La chronologie du scandale chimique éternel de Jersey
Lorsqu’il a été confirmé que la mousse se trouvait dans l’eau potable en 1993, le gouvernement de Jersey a arrêté son utilisation et a proposé d’installer de nouveaux trous de forage pour les personnes concernées.
Dans une nouvelle enquête sur la question, la BBC s’est entretenue avec des personnes qui pensent que l’interdiction est arrivée trop tard pour leur santé. Parmi eux, Graeme Farmer, 57 ans, qui vivait dans un chalet près du terrain d’entraînement au milieu des années 1990 et qui a reçu un diagnostic de cancer du sang il y a cinq ans.
« Mes parents… et moi avons vécu là-bas pendant quatre ans. Nous avons tous eu un cancer et nous semblions tous l’avoir eu au cours de la même période », a-t-il déclaré à la chaîne de télévision.
En 2005, le gouvernement de l’île a signé un accord confidentiel avec 3M, le fabricant de la mousse, pour obtenir 2,6 millions de livres sterling (environ 3 millions d’euros) pour le nettoyage du PFAS.
Selon les termes de l’accord, il s’est engagé à ne poursuivre aucune action en justice contre la société.

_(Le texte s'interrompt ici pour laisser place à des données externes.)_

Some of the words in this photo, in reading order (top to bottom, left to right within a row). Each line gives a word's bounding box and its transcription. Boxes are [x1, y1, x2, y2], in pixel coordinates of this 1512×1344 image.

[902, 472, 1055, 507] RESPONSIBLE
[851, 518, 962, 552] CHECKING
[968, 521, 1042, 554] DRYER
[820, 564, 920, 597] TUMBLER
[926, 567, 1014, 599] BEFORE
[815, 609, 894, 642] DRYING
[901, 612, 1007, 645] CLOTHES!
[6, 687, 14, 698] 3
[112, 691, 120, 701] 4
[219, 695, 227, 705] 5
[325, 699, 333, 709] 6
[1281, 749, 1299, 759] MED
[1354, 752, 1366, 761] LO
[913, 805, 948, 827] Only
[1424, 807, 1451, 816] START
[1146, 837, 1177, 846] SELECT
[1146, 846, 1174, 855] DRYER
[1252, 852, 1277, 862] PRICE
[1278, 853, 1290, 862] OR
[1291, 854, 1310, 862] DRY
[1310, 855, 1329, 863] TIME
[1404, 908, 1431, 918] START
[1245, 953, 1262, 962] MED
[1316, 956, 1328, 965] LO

De manière controversée, il engageait également le gouvernement à soutenir l’entreprise si un citoyen poursuivait une action en justice.
L’accord a été tenu secret du public jusqu’à ce qu’un journaliste local obtienne une copie divulguée de l’accord et brise l’histoire en 2021, provoquant une nouvelle vague d’indignation.

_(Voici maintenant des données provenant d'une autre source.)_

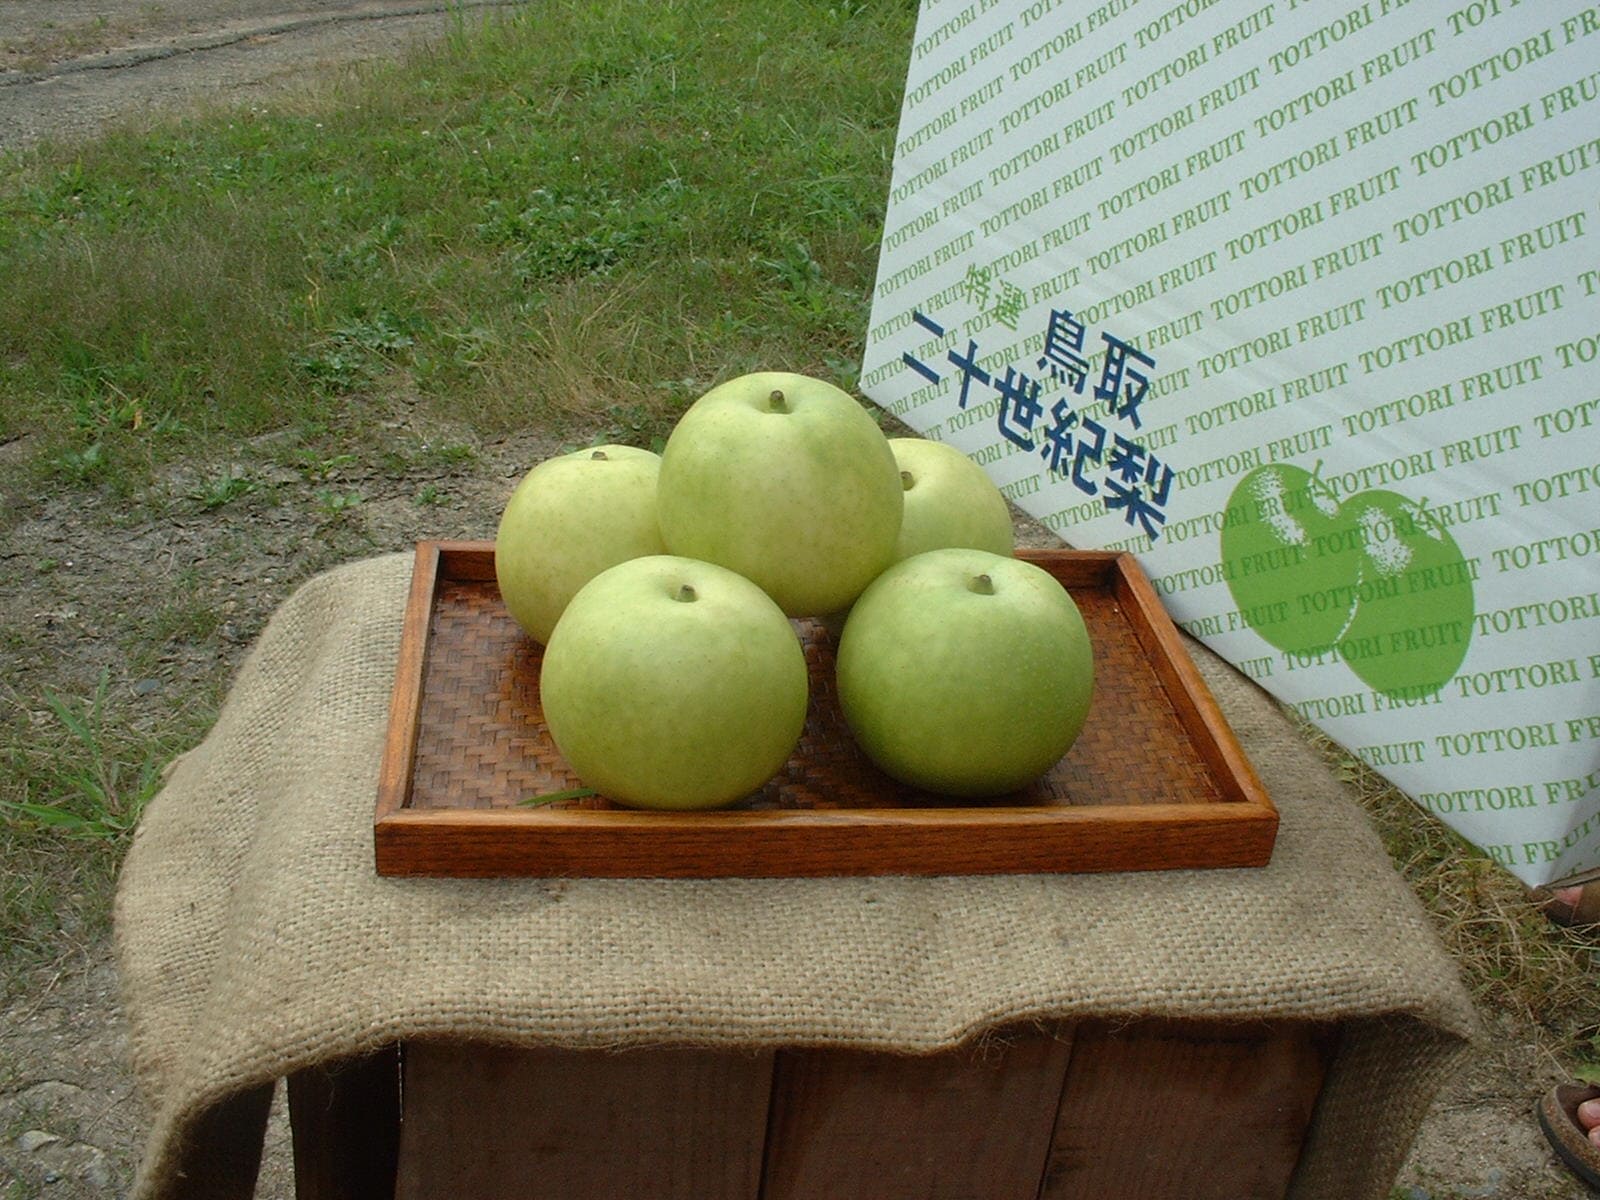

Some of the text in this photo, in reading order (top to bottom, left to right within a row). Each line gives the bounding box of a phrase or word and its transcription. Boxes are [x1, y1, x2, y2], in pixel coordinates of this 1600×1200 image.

[900, 0, 1139, 158] TOTTORI FRUIT TOTTORI FRUI
[909, 0, 1063, 109] TOTTORI FRUIT TOT
[917, 4, 976, 60] TOTTORI
[878, 256, 932, 298] TOTTORI
[934, 230, 974, 266] FRUIT
[980, 187, 1049, 238] TOTTORI
[1053, 156, 1103, 198] FRUIT
[1110, 104, 1195, 164] TOTTORI
[1199, 67, 1260, 116] FRUIT
[1268, 3, 1373, 75] TOTTORI
[884, 3, 1275, 252] TOTTORI FRUIT TOTTORI FRUIT TOTTORI FRUIT
[893, 158, 948, 205] TOTTORI
[951, 128, 993, 167] FRUIT
[999, 78, 1072, 134] TOTTORI
[1075, 42, 1127, 89] FRUIT
[919, 328, 958, 360] FRUIT
[1032, 267, 1080, 304] FRUIT
[1086, 222, 1168, 275] TOTTORI
[1172, 190, 1231, 235] FRUIT
[1239, 136, 1341, 200] TOTTORI
[1345, 98, 1418, 151] FRUIT
[1428, 29, 1555, 107] TOTTORI
[926, 280, 965, 314] FRUIT
[974, 240, 1040, 286] OTTORI
[1042, 212, 1091, 252] FRUIT
[1098, 163, 1181, 220] TOTTORI
[1186, 129, 1245, 177] FRUIT
[1254, 70, 1357, 138] TOTTORI
[1361, 28, 1435, 84] FRUIT
[1447, 0, 1521, 36] TOT
[911, 376, 949, 409] FRUIT
[1075, 280, 1156, 331] TOTTORI
[1159, 251, 1217, 293] FRUIT
[1225, 201, 1325, 260] TOTTORI
[1329, 166, 1401, 216] FRUIT
[1411, 103, 1534, 176] TOTTORI
[1147, 310, 1203, 349] FRUIT
[1210, 265, 1308, 320] TOTTORI
[1312, 233, 1383, 279] FRUIT
[1393, 176, 1514, 243] TOTTORI
[1197, 327, 1292, 378] TOTTORI
[1296, 298, 1366, 342] FRUIT
[1376, 247, 1494, 309] TOTTORI
[1499, 211, 1586, 264] FRUIT
[902, 309, 1176, 542] 二十世紀梨
[1036, 308, 1156, 431] 鳥取
[1174, 447, 1265, 490] TOTTORI
[1267, 425, 1333, 461] FRUIT
[1342, 384, 1455, 437] TOTTORI
[1460, 355, 1543, 401] FRUIT
[1185, 388, 1277, 435] TOTTORI
[1282, 362, 1349, 403] FRUIT
[1358, 315, 1475, 374] TOTTORI
[1480, 284, 1564, 333] FRUIT
[1152, 561, 1237, 598] TOTTORI
[1240, 545, 1301, 576] FRUIT
[1312, 514, 1418, 556] TOTTORI
[1421, 493, 1502, 529] FRUIT
[1162, 507, 1249, 544] TOTTORI
[1327, 450, 1436, 499] TOTTORI
[1441, 425, 1522, 467] FRUIT
[1534, 399, 1600, 438] TOT
[1227, 602, 1288, 631] FRUIT
[1298, 577, 1400, 614] TOTTORI
[1406, 557, 1482, 592] FRUIT
[1283, 636, 1383, 671] TOTTORI
[1388, 621, 1462, 652] FRUIT
[1476, 593, 1600, 636] TOTTORI
[1371, 682, 1444, 711] FRUIT
[1455, 659, 1581, 698] TOTTORI
[1436, 723, 1559, 757] TOTTORI
[1420, 785, 1538, 815] TOTTORI

Pourquoi les résidents de Jersey demandent-ils maintenant une indemnisation ?
En 2022, le gouvernement de Jersey a mené un programme pionnier pour tester le sang des personnes vivant à proximité de l’aéroport pour les composés PFAS.

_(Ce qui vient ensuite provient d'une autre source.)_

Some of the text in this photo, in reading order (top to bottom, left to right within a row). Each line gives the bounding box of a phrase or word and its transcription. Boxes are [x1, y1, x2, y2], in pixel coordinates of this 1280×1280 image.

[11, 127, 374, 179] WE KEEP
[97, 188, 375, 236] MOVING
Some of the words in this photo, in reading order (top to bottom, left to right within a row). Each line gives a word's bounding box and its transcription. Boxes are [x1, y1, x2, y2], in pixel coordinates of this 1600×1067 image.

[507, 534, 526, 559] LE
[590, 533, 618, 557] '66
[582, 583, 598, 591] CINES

Sur les 88 insulaires testés, 70% présentaient des niveaux seuils plus élevés de PFHxS et 30% avaient des niveaux seuils plus élevés de PFOS dans leur sang – les deux composés PFAS.
Après avoir reçu les résultats de leurs tests sanguins, les résidents de Jersey envisagent maintenant leurs options légales.
« Beaucoup de ces personnes ont le sentiment qu’elles ont des problèmes de santé résultant de leur exposition aux produits chimiques PFAS et qu’elles peuvent avoir une sorte de demande d’indemnisation », a déclaré l’avocate de Jersey Eleanor Colley à la BBC.
Son cabinet d’avocats Viberts a parlé à une dizaine d’insulaires de la poursuite d’une demande d’indemnisation financière, dont il est « au début » de l’enquête.
Si cela va de l’avant, Colley pense que cela pourrait être la première action collective concernant les PFAS dans les îles britanniques. 3M a récemment conclu un règlement de 10,3 milliards de dollars (9,4 milliards d’euros) à payer pour tester et nettoyer les produits chimiques des approvisionnements en eau à travers les États-Unis, sans admettre sa responsabilité.
« Comme tout le monde, nous aimerions revoir notre santé », a déclaré Farmer. « Mais ce n’est pas possible – cela ne laisse que la compensation financière que tout le monde mérite. »
« A ce stade, nous ne savons pas qui serait un défendeur potentiel, bien qu’il s’agisse probablement d’une entité des États de Jersey et potentiellement du fabricant des produits chimiques », a ajouté Colley.
En réponse au rapport de la BBC, le gouvernement de Jersey a déclaré: « Il n’y a pas d’accord international sur la façon d’interpréter les résultats sanguins, il est donc difficile de tirer des conclusions sur les niveaux dans le sang qui ont été testés.
« Nous avons mis en place le groupe scientifique indépendant PFAS, qui examinera, rendra compte et fera des recommandations au gouvernement sur des sujets convenus. »
3M a déclaré dans un communiqué : « Nous avons pris et continuerons de prendre des mesures conformes à nos valeurs, notamment en remédiant aux PFAS, en investissant dans le traitement de l’eau et en collaborant avec les communautés ».